“Some of them,” remarked Mrs. Folyat, “are worth at least a hundred pounds.”

“I found myself rather liking this place as I walked here,” said Serge. “But I found myself wondering what happens to all the suppressed vitality of the people in it. How many people are there? There must be half a million. What do they all do? Their work can’t be very satisfying. Do they produce children at an appalling rate? Or is there any artistic outlet? There can’t be, or it wouldn’t be so ugly. I suppose there’s a lot of crime and a lot of mess. I must have a look at it. Do they have frightful diseases, and isn’t it rather a mockery spreading the Gospel of Christ in such a place?”

“Serge!” Mrs. Folyat was unable to follow what he said, but she was hurt at the mention of one whom she had always regarded as her Saviour at the supper-table.

“Have I shocked you, mother? I’m sorry,” said Serge. “You’re all so different from what I have been thinking you for years and years and I find it difficult to say anything. You’re not exactly full of news about yourselves, and my thoughts ran away with me. That’s bad.”

“You haven’t become an infidel I hope.” Mrs. Folyat was rather querulous. “You went to church in Africa?”

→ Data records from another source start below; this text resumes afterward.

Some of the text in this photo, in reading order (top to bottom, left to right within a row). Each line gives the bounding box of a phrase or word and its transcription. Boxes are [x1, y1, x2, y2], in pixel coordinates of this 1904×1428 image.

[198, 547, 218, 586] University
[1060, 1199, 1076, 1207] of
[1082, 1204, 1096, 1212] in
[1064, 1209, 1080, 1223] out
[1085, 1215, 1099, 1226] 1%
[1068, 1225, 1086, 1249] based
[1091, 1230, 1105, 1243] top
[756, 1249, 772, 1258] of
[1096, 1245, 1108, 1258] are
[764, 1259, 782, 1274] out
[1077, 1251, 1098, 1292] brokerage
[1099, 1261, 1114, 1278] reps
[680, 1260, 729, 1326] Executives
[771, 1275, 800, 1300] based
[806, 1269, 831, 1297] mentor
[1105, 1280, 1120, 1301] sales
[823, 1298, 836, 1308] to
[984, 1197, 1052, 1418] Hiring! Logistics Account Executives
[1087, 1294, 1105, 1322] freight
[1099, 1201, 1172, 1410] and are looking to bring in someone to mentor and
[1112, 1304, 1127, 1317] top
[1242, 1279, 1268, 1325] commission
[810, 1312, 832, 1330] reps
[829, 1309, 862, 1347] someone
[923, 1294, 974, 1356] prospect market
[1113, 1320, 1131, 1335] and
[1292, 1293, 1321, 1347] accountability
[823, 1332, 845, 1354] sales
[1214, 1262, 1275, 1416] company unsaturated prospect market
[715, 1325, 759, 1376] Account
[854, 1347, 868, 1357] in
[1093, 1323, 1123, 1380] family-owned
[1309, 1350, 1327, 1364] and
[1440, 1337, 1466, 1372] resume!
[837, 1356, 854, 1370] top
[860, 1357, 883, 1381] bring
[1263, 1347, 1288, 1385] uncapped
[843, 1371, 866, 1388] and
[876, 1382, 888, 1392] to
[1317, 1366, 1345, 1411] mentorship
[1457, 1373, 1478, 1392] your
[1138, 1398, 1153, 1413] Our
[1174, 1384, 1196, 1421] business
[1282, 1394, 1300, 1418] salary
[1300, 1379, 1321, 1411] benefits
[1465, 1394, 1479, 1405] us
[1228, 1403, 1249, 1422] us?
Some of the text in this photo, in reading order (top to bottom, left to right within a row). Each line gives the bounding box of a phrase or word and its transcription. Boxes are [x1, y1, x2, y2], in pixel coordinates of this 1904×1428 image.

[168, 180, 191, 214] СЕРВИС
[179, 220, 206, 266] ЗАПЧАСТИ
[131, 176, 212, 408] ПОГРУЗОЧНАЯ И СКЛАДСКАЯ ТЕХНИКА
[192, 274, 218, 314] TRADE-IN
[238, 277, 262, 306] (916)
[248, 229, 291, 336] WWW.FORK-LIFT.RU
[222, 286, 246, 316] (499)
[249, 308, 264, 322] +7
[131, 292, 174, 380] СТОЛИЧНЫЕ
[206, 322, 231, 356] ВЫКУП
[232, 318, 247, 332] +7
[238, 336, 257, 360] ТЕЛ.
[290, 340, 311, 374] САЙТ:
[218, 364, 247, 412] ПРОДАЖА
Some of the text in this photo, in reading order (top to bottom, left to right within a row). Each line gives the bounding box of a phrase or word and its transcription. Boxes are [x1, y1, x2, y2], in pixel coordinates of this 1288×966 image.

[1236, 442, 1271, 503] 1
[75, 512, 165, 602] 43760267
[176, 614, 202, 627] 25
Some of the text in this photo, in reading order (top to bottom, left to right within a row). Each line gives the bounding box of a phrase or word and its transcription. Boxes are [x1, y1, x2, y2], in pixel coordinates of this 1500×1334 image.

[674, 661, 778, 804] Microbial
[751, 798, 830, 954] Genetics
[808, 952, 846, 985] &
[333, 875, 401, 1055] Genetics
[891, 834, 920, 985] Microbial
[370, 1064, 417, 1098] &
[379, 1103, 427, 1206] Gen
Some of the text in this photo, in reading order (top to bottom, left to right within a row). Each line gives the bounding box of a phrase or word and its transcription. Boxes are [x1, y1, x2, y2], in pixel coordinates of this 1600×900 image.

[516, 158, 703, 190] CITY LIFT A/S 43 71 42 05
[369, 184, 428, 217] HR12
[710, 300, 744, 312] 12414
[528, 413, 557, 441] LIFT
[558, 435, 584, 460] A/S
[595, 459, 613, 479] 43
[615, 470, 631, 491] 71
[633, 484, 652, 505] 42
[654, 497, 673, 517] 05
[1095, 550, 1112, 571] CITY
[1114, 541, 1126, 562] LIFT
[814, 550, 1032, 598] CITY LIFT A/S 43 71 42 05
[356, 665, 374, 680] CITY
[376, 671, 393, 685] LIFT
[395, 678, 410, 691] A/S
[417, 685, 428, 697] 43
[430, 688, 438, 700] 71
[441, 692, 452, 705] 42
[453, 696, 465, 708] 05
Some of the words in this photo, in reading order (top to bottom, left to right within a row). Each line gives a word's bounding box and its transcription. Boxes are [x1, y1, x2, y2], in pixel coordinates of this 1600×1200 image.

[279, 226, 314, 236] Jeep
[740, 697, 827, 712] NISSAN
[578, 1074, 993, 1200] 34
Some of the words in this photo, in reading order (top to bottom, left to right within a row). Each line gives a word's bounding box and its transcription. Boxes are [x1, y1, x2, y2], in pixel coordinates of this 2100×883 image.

“I was lay reader to the Bishop of Bloemfontein for six months.”

“Ah!”

That reassured Mrs. Folyat, and she turned to her food again. She enjoyed eating, and took very small mouthfuls and nibbled at them in a most genteel fashion. Francis on the other hand ate hurriedly in large gulps and had always finished his plateful before everybody else. Serge suddenly found their methods of eating intensely interesting. He too loved eating—he had revelled in English cooking after his years in Africa—and it was pleasant to find that he had something in common with his father and mother, though, instinctively, he knew that he must not talk about it.

Francis rose from the table and took up pipe and tobacco. Serge produced his calabash and filled it.

“You don’t smoke cigarettes?” asked Francis.